Case Reports in Neurology ◽

10.1159/000511203 ◽

2021 ◽

pp. 59-64

Author(s):

Zachary Aaron Satin ◽

Elham Bayat

Keyword(s):

Antiretroviral Therapy ◽

Motor Neuron ◽

Motor Neuron Disease ◽

Motor Neurons ◽

Case Series ◽

Retrospective Chart Review ◽

Effective Control ◽

Hiv Positive ◽

Disease Course ◽

Retroviral Infection

There appears to be a relationship between retroviruses such as HIV and the development of an ALS-like syndrome. Few cases have been reported; however, there exists evidence of a higher frequency of motor neuron disease in HIV-infected patients, as well as potential slowing and reversibility of disease course with combination antiretroviral therapy. We conducted a retrospective chart review of patients presenting to the George Washington University ALS Clinic from September 2006 to June 2018 to identify patients with HIV receiving HAART who were subsequently diagnosed with ALS or an ALS-like disorder.
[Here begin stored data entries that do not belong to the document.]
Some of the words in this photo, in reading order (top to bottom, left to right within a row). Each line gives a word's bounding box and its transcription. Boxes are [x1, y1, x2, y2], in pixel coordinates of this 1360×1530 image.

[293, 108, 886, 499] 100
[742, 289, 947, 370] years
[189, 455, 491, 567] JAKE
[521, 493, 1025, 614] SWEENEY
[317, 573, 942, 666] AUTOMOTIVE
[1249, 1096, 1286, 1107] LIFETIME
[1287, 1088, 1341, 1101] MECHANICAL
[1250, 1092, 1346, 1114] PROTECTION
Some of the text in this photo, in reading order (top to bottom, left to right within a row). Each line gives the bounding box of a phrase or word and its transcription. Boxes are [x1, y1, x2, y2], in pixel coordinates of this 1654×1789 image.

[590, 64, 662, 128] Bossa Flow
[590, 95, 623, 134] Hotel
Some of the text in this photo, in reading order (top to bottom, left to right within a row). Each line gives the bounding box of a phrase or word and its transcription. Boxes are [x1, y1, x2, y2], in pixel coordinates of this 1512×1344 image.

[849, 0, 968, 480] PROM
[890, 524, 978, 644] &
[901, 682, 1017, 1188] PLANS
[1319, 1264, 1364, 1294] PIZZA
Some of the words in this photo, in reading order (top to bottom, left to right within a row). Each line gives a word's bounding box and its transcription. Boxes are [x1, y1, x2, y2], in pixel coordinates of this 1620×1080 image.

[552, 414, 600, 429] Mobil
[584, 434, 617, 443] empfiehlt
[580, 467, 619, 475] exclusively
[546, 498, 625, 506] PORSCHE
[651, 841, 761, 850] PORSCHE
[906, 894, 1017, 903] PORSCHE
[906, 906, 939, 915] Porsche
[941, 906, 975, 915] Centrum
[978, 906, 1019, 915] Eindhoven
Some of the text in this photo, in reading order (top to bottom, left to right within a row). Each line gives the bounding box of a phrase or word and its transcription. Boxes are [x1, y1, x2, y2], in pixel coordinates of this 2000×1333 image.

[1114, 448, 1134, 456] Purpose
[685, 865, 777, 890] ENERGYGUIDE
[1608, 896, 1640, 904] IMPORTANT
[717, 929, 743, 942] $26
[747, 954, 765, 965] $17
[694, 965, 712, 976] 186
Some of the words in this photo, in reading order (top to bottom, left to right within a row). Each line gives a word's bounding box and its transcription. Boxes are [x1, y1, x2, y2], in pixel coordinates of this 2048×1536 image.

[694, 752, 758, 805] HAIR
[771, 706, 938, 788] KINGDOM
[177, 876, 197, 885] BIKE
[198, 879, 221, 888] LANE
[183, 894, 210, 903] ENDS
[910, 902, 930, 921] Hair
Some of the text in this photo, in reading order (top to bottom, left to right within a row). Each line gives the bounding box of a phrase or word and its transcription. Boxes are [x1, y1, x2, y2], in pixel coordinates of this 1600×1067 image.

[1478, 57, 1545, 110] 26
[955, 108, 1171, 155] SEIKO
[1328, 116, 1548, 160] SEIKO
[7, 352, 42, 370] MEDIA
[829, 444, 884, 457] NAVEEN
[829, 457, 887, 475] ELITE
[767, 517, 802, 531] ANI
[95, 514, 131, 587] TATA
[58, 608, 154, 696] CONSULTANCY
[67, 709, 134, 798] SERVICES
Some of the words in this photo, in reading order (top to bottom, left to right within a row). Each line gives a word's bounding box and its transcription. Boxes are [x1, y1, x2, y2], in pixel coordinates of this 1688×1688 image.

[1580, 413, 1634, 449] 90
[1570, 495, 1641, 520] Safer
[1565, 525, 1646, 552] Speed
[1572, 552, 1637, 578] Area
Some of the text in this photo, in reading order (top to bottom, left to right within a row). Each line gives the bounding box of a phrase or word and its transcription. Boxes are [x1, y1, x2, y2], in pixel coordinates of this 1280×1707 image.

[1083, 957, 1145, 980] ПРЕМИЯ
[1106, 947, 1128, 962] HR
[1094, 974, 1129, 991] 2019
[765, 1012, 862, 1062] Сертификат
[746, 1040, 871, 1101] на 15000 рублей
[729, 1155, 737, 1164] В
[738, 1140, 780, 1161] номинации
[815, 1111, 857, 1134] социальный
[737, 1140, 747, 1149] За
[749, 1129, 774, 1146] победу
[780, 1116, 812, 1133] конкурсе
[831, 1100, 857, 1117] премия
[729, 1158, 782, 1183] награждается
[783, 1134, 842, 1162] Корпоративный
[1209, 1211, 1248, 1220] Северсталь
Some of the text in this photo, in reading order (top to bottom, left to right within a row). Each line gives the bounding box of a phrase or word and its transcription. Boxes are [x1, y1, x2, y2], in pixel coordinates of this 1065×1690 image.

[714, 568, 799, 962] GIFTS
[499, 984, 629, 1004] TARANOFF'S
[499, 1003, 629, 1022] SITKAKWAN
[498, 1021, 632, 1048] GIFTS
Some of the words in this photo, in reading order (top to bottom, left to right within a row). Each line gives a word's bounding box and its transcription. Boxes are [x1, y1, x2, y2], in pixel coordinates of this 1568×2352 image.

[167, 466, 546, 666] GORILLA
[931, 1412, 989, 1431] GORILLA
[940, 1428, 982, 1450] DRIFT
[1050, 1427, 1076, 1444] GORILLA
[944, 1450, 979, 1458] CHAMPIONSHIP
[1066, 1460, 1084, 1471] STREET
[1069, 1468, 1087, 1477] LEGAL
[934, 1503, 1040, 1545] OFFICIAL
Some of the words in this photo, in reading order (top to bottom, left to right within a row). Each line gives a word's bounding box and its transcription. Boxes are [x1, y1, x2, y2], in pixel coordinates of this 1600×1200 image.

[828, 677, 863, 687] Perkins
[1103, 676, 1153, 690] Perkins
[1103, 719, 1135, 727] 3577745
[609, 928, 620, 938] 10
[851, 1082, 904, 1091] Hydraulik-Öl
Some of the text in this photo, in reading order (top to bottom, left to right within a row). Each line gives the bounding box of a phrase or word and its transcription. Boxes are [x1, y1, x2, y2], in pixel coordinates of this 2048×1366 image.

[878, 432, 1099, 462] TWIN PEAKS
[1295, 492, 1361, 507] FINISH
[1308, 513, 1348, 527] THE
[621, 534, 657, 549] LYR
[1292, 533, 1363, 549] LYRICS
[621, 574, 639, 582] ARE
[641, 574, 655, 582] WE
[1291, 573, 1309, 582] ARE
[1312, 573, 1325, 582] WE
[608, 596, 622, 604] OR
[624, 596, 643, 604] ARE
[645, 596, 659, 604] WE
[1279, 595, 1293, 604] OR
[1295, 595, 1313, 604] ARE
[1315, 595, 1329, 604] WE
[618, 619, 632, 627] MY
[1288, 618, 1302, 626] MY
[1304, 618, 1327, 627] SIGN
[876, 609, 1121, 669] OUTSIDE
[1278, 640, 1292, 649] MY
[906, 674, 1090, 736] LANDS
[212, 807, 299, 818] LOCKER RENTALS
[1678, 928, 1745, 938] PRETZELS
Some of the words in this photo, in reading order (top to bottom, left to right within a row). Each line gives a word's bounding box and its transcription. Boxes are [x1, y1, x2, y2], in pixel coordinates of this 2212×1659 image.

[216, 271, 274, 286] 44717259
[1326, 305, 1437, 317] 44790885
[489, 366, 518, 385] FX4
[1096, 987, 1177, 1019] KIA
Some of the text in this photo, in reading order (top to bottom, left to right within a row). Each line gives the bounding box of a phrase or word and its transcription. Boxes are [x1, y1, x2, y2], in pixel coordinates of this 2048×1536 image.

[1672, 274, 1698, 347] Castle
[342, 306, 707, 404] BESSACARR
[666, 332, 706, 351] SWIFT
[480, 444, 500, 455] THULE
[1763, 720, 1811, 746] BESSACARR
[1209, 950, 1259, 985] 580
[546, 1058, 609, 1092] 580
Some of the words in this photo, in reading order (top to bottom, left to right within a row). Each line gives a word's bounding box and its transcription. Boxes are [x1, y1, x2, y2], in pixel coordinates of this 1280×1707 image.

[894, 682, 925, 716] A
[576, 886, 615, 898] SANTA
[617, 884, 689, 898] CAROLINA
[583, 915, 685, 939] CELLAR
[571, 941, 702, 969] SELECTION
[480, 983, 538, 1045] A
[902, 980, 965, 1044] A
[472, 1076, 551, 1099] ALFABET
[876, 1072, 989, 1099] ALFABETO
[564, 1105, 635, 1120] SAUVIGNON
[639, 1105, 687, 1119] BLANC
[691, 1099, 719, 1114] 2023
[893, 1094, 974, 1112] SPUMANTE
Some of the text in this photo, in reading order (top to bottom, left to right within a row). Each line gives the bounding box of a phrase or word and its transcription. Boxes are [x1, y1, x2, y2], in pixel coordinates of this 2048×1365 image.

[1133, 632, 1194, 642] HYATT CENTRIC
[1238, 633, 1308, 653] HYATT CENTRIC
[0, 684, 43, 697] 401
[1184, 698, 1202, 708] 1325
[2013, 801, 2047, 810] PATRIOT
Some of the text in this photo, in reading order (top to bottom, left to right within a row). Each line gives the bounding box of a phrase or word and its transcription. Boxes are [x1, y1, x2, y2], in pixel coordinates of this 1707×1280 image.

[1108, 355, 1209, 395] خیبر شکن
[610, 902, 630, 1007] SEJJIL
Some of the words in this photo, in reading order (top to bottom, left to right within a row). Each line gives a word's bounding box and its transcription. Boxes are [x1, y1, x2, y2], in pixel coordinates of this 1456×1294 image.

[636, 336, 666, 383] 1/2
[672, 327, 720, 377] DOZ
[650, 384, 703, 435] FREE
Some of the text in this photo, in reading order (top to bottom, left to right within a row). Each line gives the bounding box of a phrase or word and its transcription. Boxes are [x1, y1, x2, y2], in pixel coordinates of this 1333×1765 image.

Our goals were to describe our patients’ disease course and compare them to general characteristics of ALS. We report three cases of HIV-positive individuals, all male, who were subsequently diagnosed with ALS. Each presented with symptoms of limb onset ALS with involvement of upper and lower motor neurons and whose disease originated at the cervical level. All three had been diagnosed with HIV prior to presentation and were presumably compliant with antiretroviral therapy throughout. Our patients demonstrated effective control of their HIV infection. Each experienced relatively slow progression of motor impairment compared to general ALS characteristics. Our study offers a distinct profile of HIV-positive patients compliant with HAART subsequently diagnosed with an ALS-like disorder. Further study should aim to uncover pathophysiological similarities between motor neuron disease both in the presence and absence of retroviral infection and to develop effective medical therapy for each.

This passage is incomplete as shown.